Correct and complete understanding of properties and interactions in the physical world is not only essential to achieve human-level reasoning (Lake et al., 2017), but also fundamental to build a general-purpose embodied intelligence (Huang et al., 2022). In this work, we investigate to what extent current LMs understand the basic rules and principles of the physical world, and describe how to ground their reasoning with the aid of simulation. Our contributions are three-fold:

 • We propose a new multi-task physics alignment dataset, UTOPIA, whose aim is to benchmark how well current LMs can understand and reason over some basic laws of physics (§2). The dataset contains 39 sub-tasks covering six common scenes that involve understanding basic principles of physics (e.g., conservation of momentum in elastic collisions), and all the ground-truth answers are automatically generated by a physics engine. We find that current large-scale LMs are still quite limited on many basic physics-related questions (24% accuracy of GPT-3 175B in zero-shot, and 38.2% in few-shot).
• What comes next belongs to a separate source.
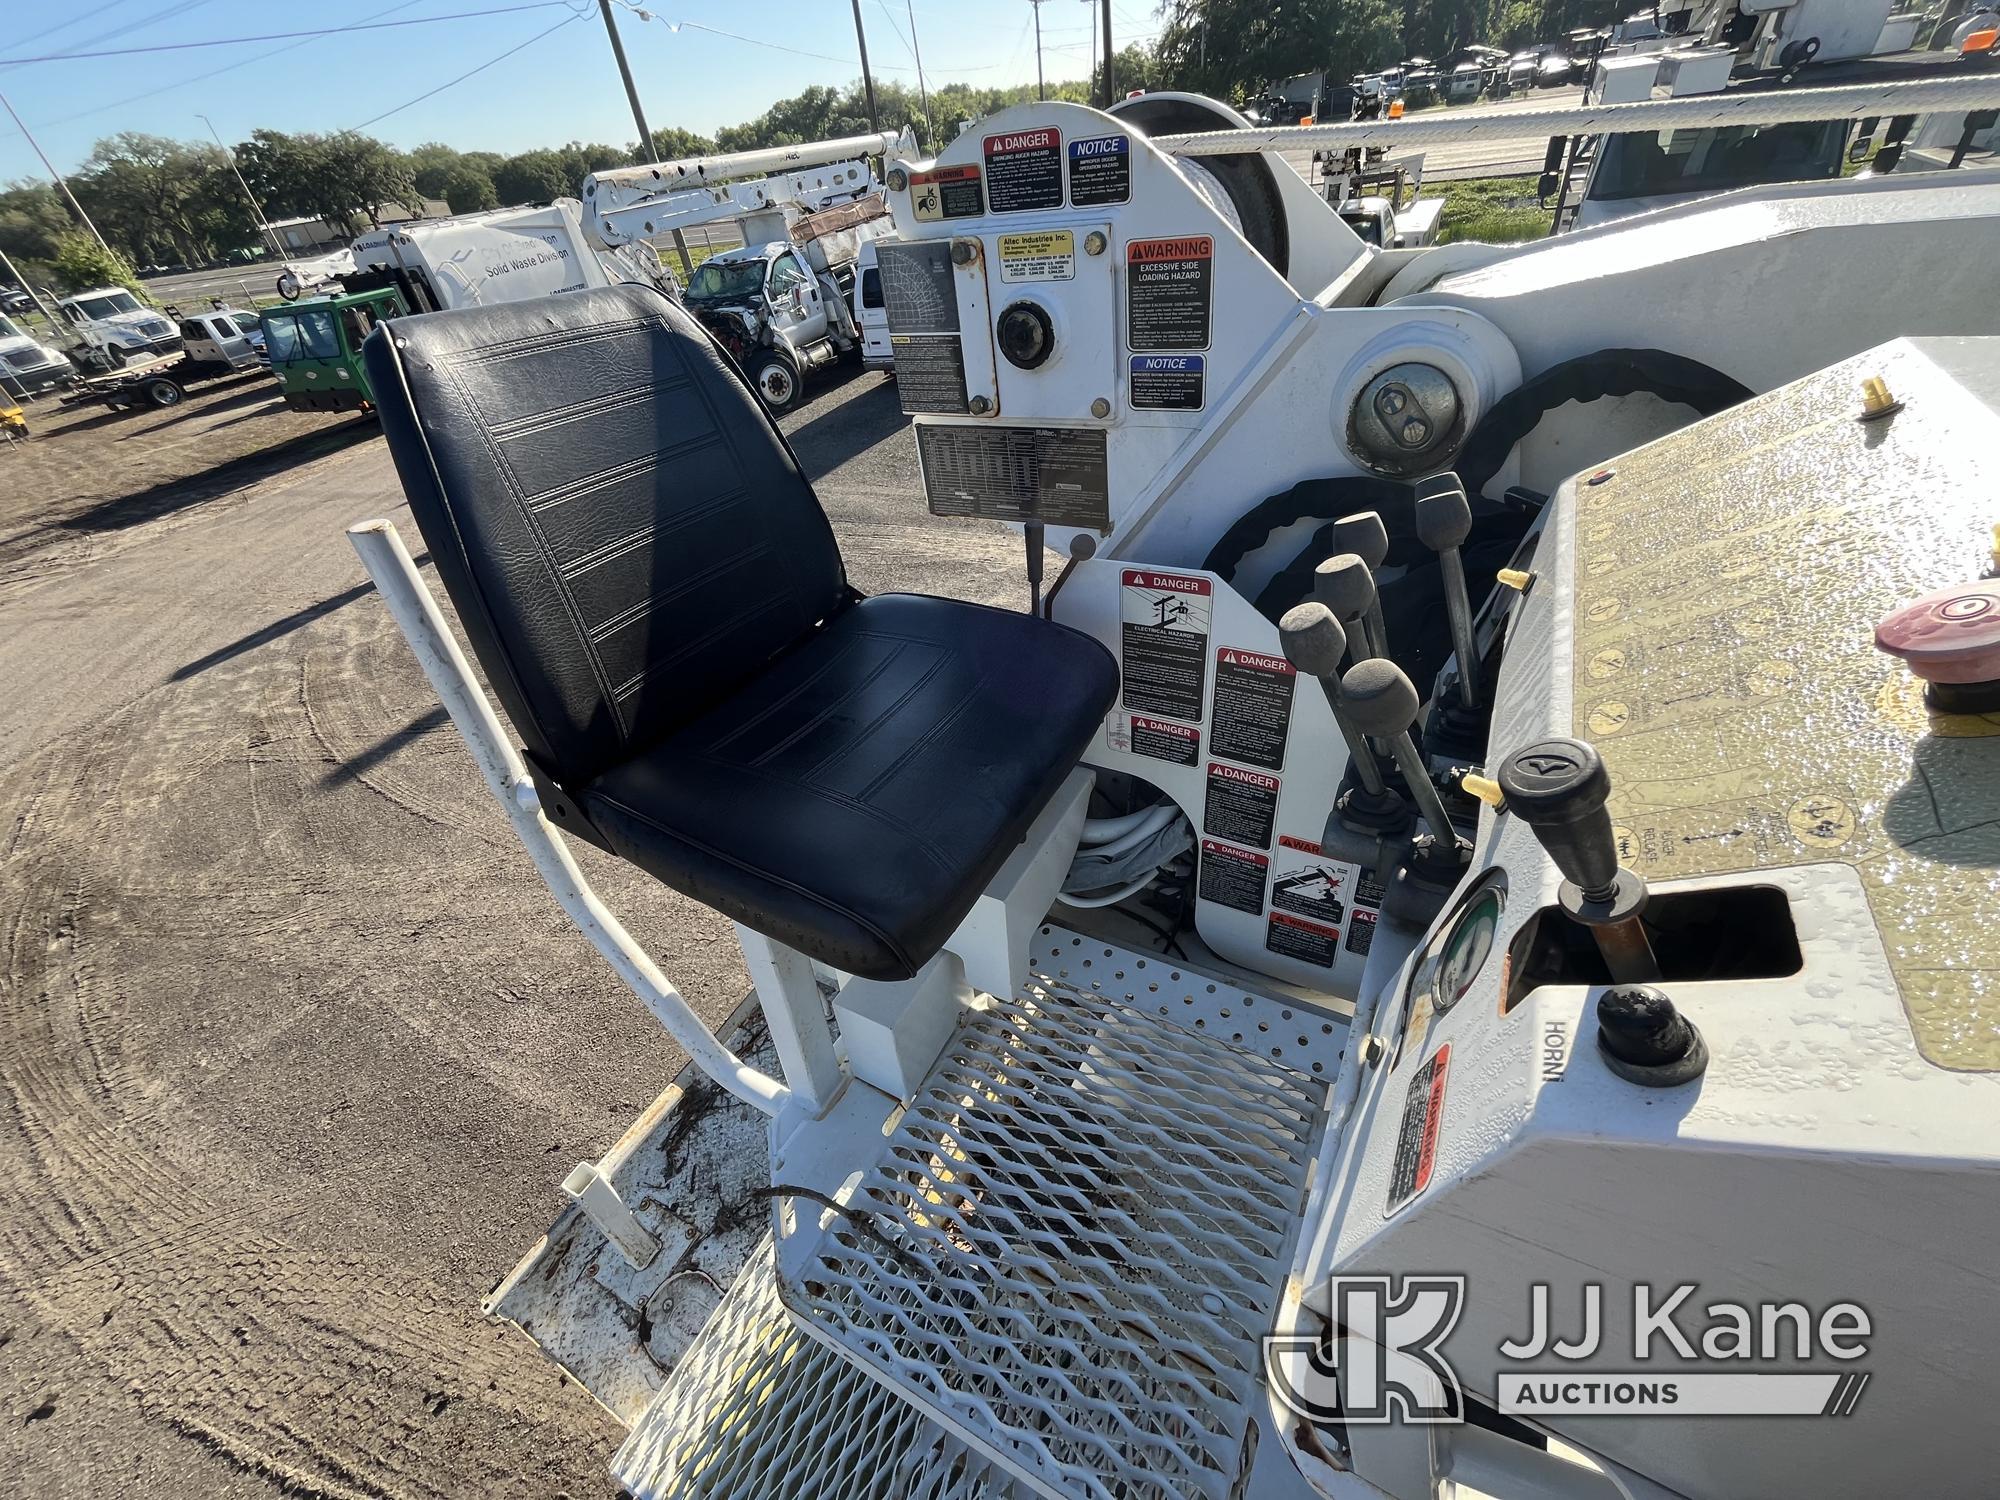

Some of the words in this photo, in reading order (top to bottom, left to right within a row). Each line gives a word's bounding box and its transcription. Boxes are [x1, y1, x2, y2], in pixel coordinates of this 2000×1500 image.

 • We explore a paradigm that adds physics simulation to the LM reasoning pipeline (§3) to make the reasoning grounded within the physical world. Specifically, we first use a model to transform the given text-form question into rendering code, and then run the corresponding simulation on a physics engine (i.e., MuJoCo (Todorov et al., 2012)). Finally we append the simulation results to the input prompts of LMs during inference. Our method can serve as a plug-and-play framework that works with any LM and requires neither handcrafted prompts nor costly fine-tuning.
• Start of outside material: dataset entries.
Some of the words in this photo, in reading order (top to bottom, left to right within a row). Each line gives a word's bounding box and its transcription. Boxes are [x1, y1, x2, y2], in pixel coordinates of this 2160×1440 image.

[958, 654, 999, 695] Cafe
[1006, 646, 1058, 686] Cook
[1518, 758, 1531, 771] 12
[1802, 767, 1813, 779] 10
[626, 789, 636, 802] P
 • We systematically evaluate the performance of popular LMs in different sizes on UTOPIA before and after augmentation by Mind’s Eye, and compare the augmented performance with many existing approaches (§4.2). We find Mind’s Eye outperforms other methods by a large margin in both zero-shot and few-shot settings. More importantly, Mind’s Eye is also effective for small LMs, and the performance with small LMs can be on par or even outperform that of 100× larger vanilla LMs.

This seems like a direct step down the CAIS path of development.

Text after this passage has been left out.